The study expands the understanding of ATTRv-PN in China and highlights variability in amyloid detection in nerve biopsies.

## Key findings

- Two Chinese patients with ATTRv-PN presented with distinct TTR gene variants and similar neurological symptoms.
- Subclinical cardiac issues were identified in both patients, including valvular and ventricular abnormalities.
- Amyloid detection in nerve biopsies showed no significant correlation with age at disease onset.

## Abstract

Hereditary transthyretin amyloidosis with polyneuropathy (ATTRv-PN) is a progressive multisystem disorder caused by pathogenic TTR variants. Aim of this study is to delineate the clinical and genetic feature of ATTRv-PN in China and to evaluate diagnostic strategies for earlier and accurate recognition.

We investigated two genetically confirmed Chinese patients with ATTRv-PN through comprehensive assessments, including electrophysiology, sural nerve biopsy, autonomic testing, cardiac imaging, neuroimaging, and cerebrospinal fluid analysis. Additionally, logistic regression was performed on 70 reported p.Val50Met cases to examine the relationship between age at onset and amyloid detection in sural nerve biopsies.

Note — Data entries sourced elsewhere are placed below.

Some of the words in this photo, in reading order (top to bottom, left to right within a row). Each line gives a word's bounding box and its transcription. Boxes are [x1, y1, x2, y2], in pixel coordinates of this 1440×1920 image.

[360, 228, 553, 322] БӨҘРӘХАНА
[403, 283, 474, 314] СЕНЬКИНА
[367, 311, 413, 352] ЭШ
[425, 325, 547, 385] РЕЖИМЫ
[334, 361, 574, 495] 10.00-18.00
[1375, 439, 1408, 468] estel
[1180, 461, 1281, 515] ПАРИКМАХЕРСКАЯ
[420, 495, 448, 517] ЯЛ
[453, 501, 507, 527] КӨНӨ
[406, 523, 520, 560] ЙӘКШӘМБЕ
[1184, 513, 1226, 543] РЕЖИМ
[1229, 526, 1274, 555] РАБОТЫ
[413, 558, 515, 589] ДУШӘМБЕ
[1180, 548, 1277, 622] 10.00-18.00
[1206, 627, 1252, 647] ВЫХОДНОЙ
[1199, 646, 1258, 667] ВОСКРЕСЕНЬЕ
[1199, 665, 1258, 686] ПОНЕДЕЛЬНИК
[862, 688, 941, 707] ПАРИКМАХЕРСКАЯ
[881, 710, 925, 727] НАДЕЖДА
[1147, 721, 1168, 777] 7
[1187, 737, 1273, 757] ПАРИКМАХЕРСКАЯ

The two patients carried the p.Val50Met and p.Glu74Gly variants in the TTR gene, respectively. Both presented with distal paresthesia as the initial symptom and exhibited length-dependent, axonal-predominant sensorimotor polyneuropathy. Autonomic manifestations included alternating diarrhea/constipation and post-exertional hyperhidrosis. Subclinical cardiac abnormalities were identified, encompassing elevated biomarker of early cardiac strain, valvular regurgitation, left ventricular hypertrophy, and late gadolinium enhancement. In patient 1, sural nerve pathology showed marked loss of myelinated and unmyelinated fibers with perivascular lymphocytic infiltration but no amyloid deposition. Logistic regression revealed no significant association between age at onset and biopsy amyloid positivity (p = 0.91).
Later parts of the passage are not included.